Tange Levin headset, TTT Motus stem, Nitto lamp holder, Nitto Noodle bar, Cane Creek levers, Jtek bar end shifter, Rolls saddle, Planet Bike Cascadia fenders, 44t Sugino Messenger crankset, Izumi 1/8" chain, 103mm Phil Wood bottom bracket. Time ATAC pedals, Shimano BR550 cantis, Stella Azzurra Techno Spugna tape, Elite stainless cage, DA cables and housing, a nice fork crown housing stop for the front brake gives a smooth cable routing. I went with a link wire up front and a traditional yoke in the back for variety. 
I was very luck with the chain length and chain line. The frame has vertical dropouts, but the present gearing allows me to use an even length of chain with no need for a tensioner. Shimano's supplied 21t cog is dished, so I had some flexibility for chain line, but was still surprised to find a 103mm bottom bracket worked with a touring frame. 
I like the Arkel bag/Pletscher rack combo because I can set it up low and forward to minimize it's influence on how the bike handles. I could still scoot the rack forward a couples inches, but that would make opening the bag's gaping lid awkward. 
The Planet Bike fenders are only for use during Tucson's current monsoon season. I chose them because they provide the fullest coverage, more than anything SKS has to offer. 
If given the chance, I would change only a few things. I think this bike deserves a Nitto big rack and matching NItto 27.0 seatpost, but the current rack and post are perfectly functional. I want an entirely 1/8" drive train, so a Sturmey Archer cog will replace the supplied Shimano 3/32" cog.
I'm thinking about installing a Herbie Chainglider, but only if I can be sure it won't add any noise. This Shimano hub is dead silent. 
All in all, this is a great commuter bike, and will come in handy if I find myself having to escape out of town in the middle of the night.


----------



## rcnute (Dec 21, 2004)

Very cool build. I lack the mechanical skill to figure out internally-geared hubs, but they seem like a pretty good idea to me.


----------



## Jesse D Smith (Jun 11, 2005)

*IGH simple*



rcnute said:


> Very cool build. I lack the mechanical skill to figure out internally-geared hubs, but they seem like a pretty good idea to me.

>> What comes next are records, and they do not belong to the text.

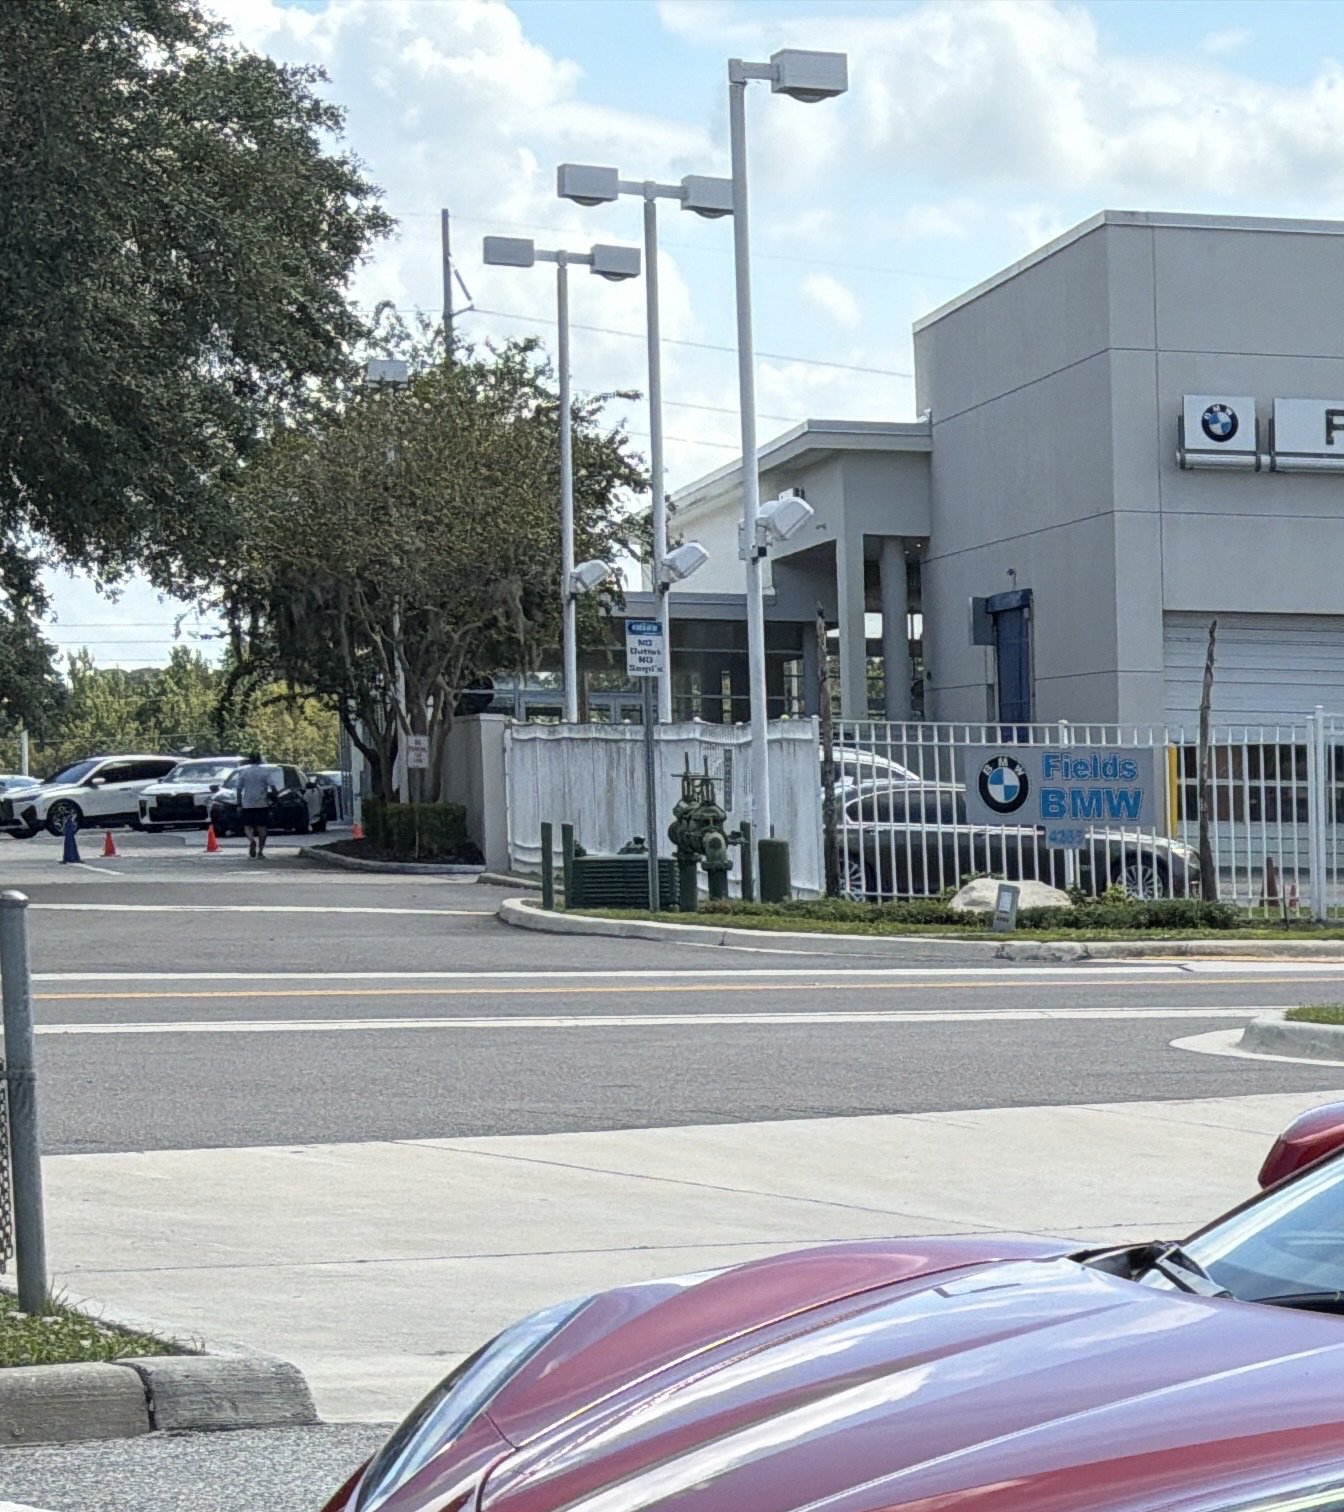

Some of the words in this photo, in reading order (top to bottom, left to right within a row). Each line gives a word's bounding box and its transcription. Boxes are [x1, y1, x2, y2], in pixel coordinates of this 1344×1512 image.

[982, 755, 1026, 776] BMW
[1041, 751, 1138, 782] Fields
[1039, 786, 1144, 821] BMW
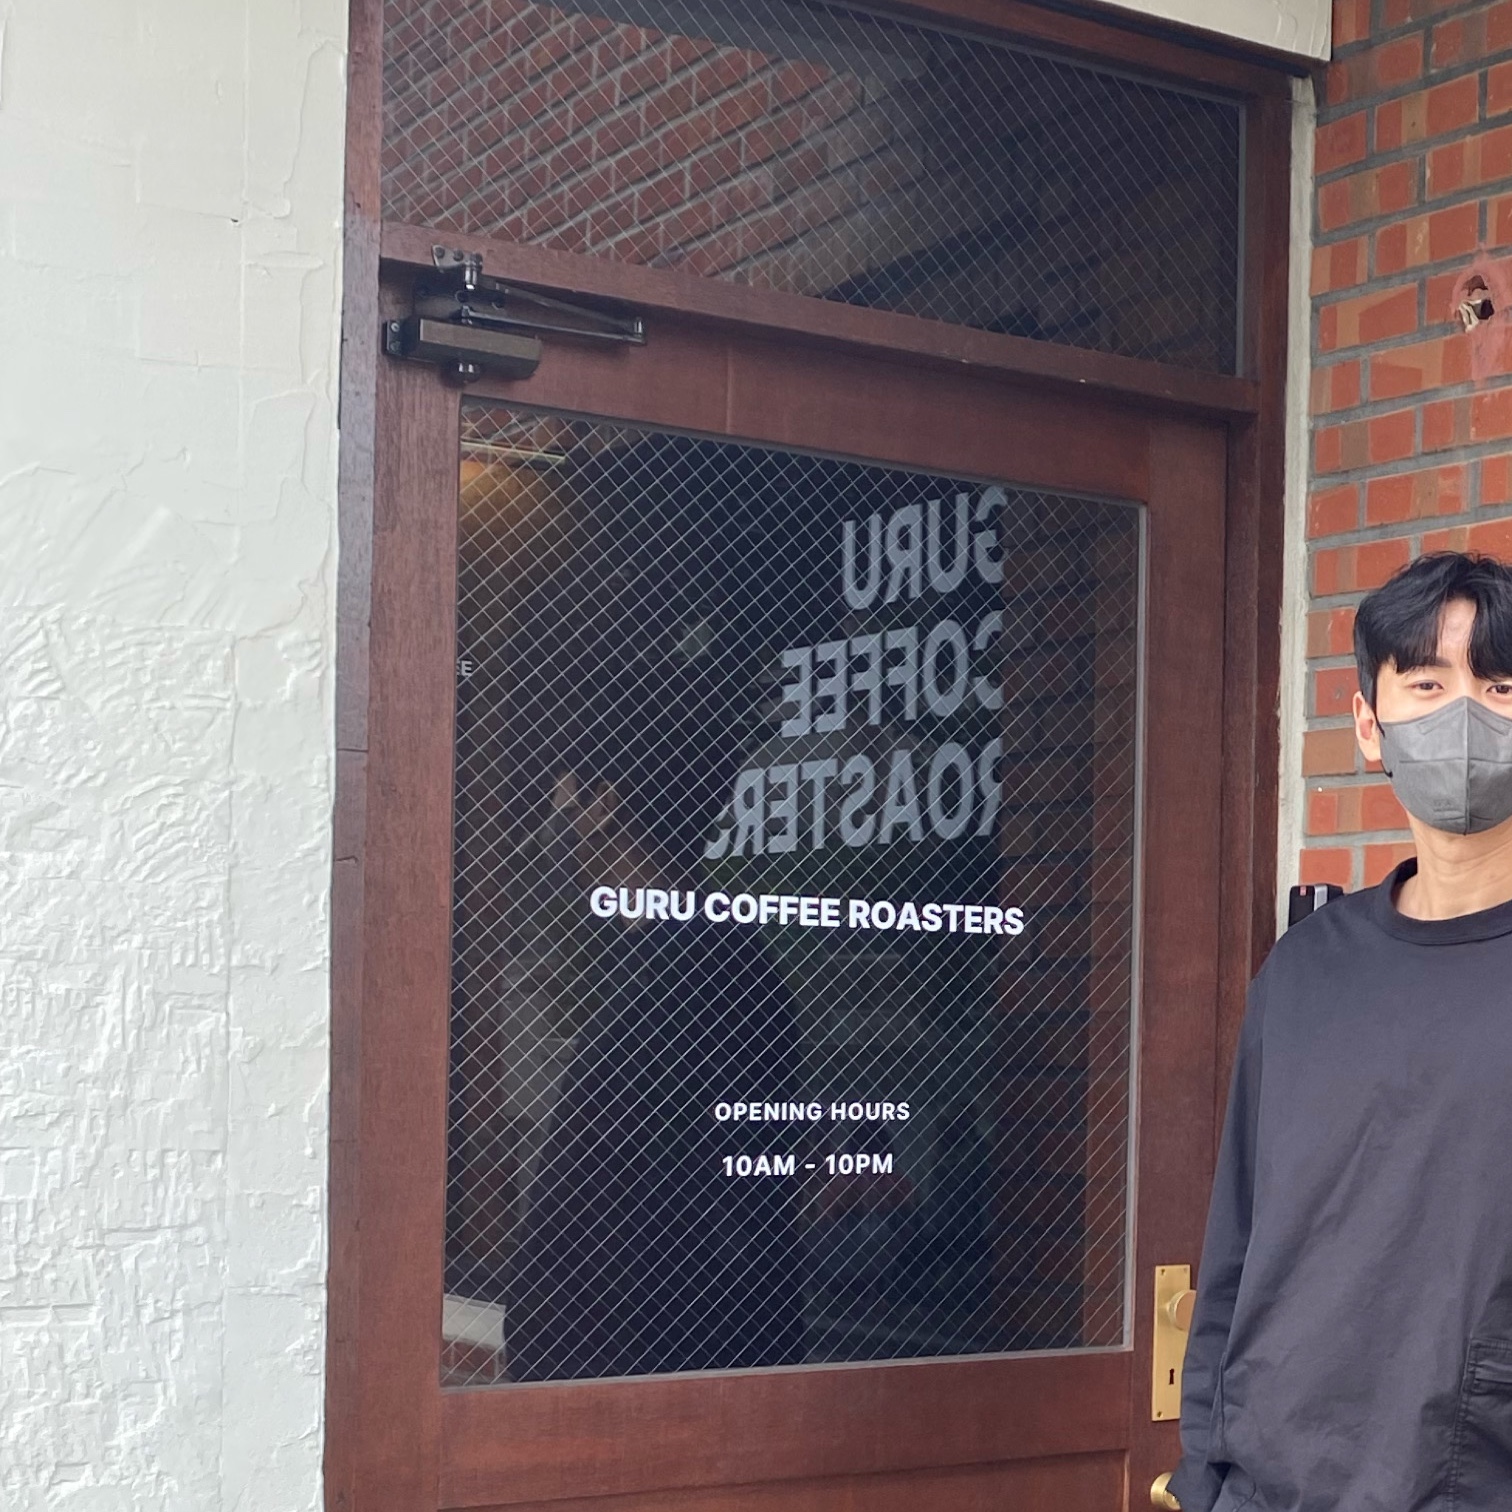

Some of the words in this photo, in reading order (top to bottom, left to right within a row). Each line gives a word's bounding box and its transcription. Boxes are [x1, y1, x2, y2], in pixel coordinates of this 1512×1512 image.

[589, 886, 695, 921] GURU
[704, 892, 841, 928] COFFEE
[848, 899, 1025, 936] ROASTERS
[714, 1102, 823, 1122] OPENING
[830, 1102, 910, 1121] HOURS
[721, 1154, 796, 1178] 10AM
[824, 1152, 894, 1176] 10PM

Very little skill required. In fact, they require less skill to set up and maintain than a derailleur. If you can insert a shift cable into a section of housing and thread a bolt onto a nut, you're 100% qualified.


----------



## Mr. Versatile (Nov 24, 2005)

Hmmmmm - I don't know about the threading a nut on a bolt part. That sounds kinda scary to me.


----------



## Jesse D Smith (Jun 11, 2005)

Mr. Versatile said:


> Hmmmmm - I don't know about the threading a nut on a bolt part. That sounds kinda scary to me.


Come to think of it, that what wheel building boils down to. There's no escaping it I guess.


----------



## Dave Hickey (Jan 27, 2002)

Wow...sweet...Please keep us informed about the long term test of the hub...I'd be very interested in how it holds up


----------



## majura (Apr 21, 2007)

Nice build, and what luck finding a 'magic' ratio without really trying! Just wondering if those mudflaps came with your PB fenders?


----------



## Nickel II (Jul 18, 2003)

Looks like a fun ride. I read up on the Nexus 8 and didn't realize how wode of a range the gear inches were from bottom to top (running 42/18 gives a range from 32 inches to 100 inches)

What is the weight like, not just the hub but the overall bike weight (without loaded rack bag)?


----------



## Guest (Jul 15, 2009)

I have long wanted to do something in the way of a Touring / Commuter type bike built around an internal hub.

I have been thinking along the lines of a Rohloff which of course is just flat out STUPID EXPENSIVE.

I would really like to hear more about the Shimano hub; likes, dislikes, reliability, etc.

Could always put a double crankset on the front I guess if you wanted more range.

Nice bike.


----------



## tarwheel2 (Jul 7, 2005)

Very cool. What are the advantages of an internal hub vs. a rear derailleur and cassette?


----------



## Jesse D Smith (Jun 11, 2005)

Nickel II said:


> Looks like a fun ride. I read up on the Nexus 8 and didn't realize how wode of a range the gear inches were from bottom to top (running 42/18 gives a range from 32 inches to 100 inches)
> 
> What is the weight like, not just the hub but the overall bike weight (without loaded rack bag)?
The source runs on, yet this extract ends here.